[Opening Records for the exercise section]

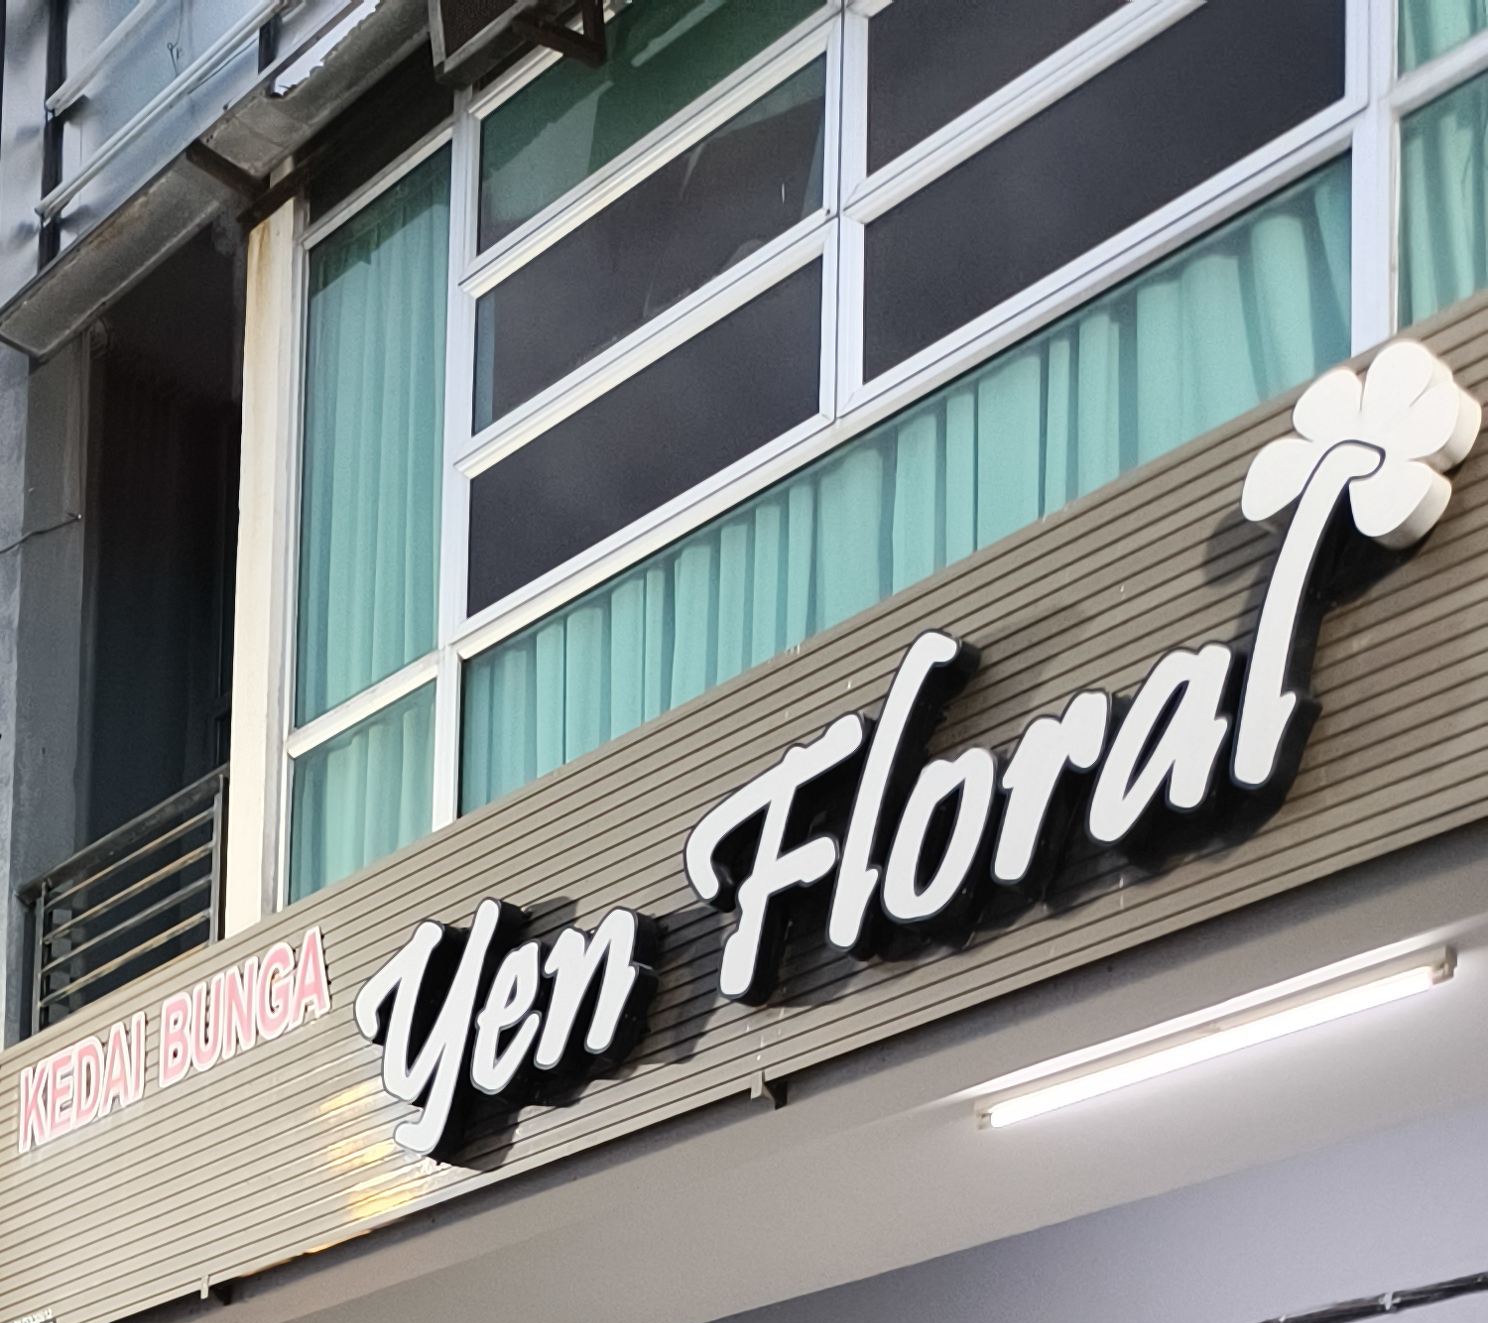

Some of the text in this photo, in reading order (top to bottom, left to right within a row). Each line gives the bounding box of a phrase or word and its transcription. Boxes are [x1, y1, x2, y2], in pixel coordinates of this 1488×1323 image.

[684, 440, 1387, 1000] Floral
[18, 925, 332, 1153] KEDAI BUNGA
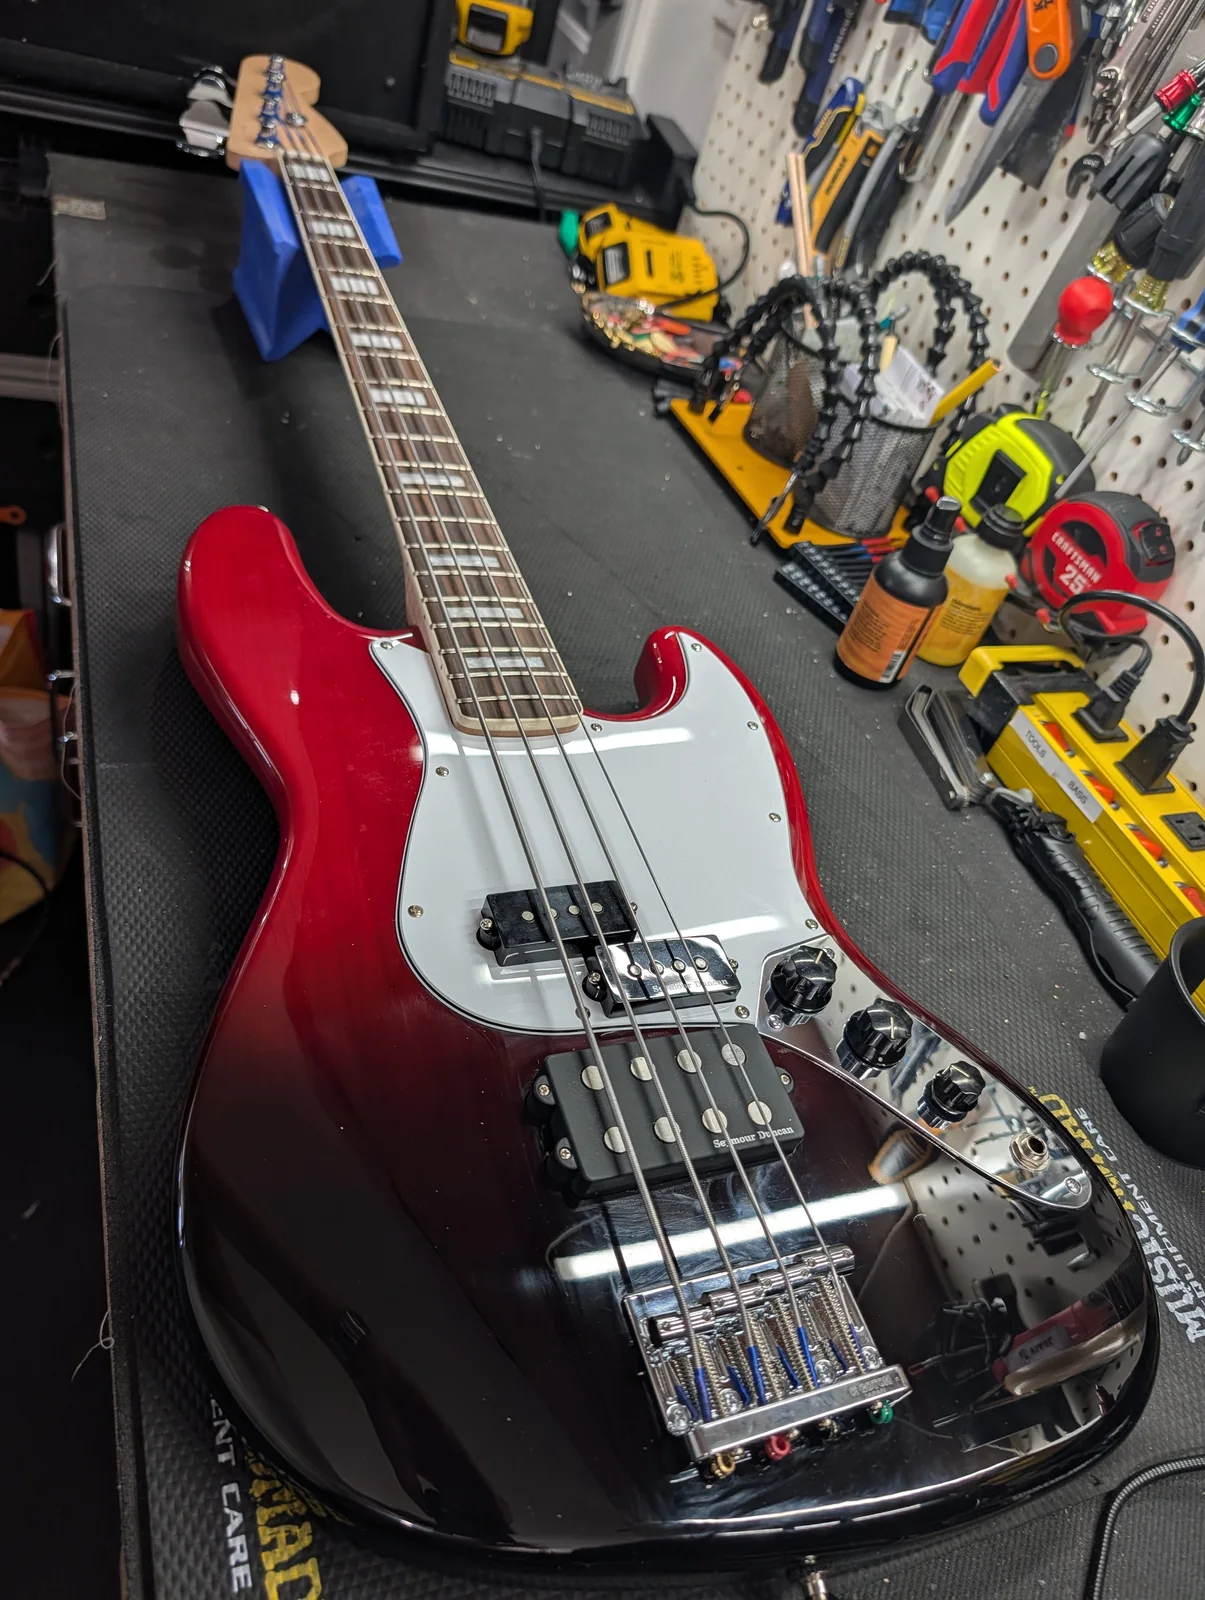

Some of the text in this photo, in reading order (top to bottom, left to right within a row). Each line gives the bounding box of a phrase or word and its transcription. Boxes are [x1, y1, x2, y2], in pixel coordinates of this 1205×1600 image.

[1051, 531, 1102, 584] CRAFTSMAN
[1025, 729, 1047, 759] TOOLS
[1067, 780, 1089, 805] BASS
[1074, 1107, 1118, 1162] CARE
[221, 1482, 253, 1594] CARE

[Closing Records for the exercise section]

• _To do_
Could you transcribe every entry above exactly, leaving out the images?

• _Reply to the task_
Some of the text in this photo, in reading order (top to bottom, left to right within a row). Each line gives the bounding box of a phrase or word and its transcription. Boxes are [x1, y1, x2, y2], in pixel coordinates of this 1488×1323 image.

[684, 440, 1387, 1000] Floral
[18, 925, 332, 1153] KEDAI BUNGA

Some of the text in this photo, in reading order (top to bottom, left to right within a row). Each line gives the bounding box of a phrase or word and its transcription. Boxes are [x1, y1, x2, y2], in pixel coordinates of this 1205×1600 image.

[1051, 531, 1102, 584] CRAFTSMAN
[1025, 729, 1047, 759] TOOLS
[1067, 780, 1089, 805] BASS
[1074, 1107, 1118, 1162] CARE
[221, 1482, 253, 1594] CARE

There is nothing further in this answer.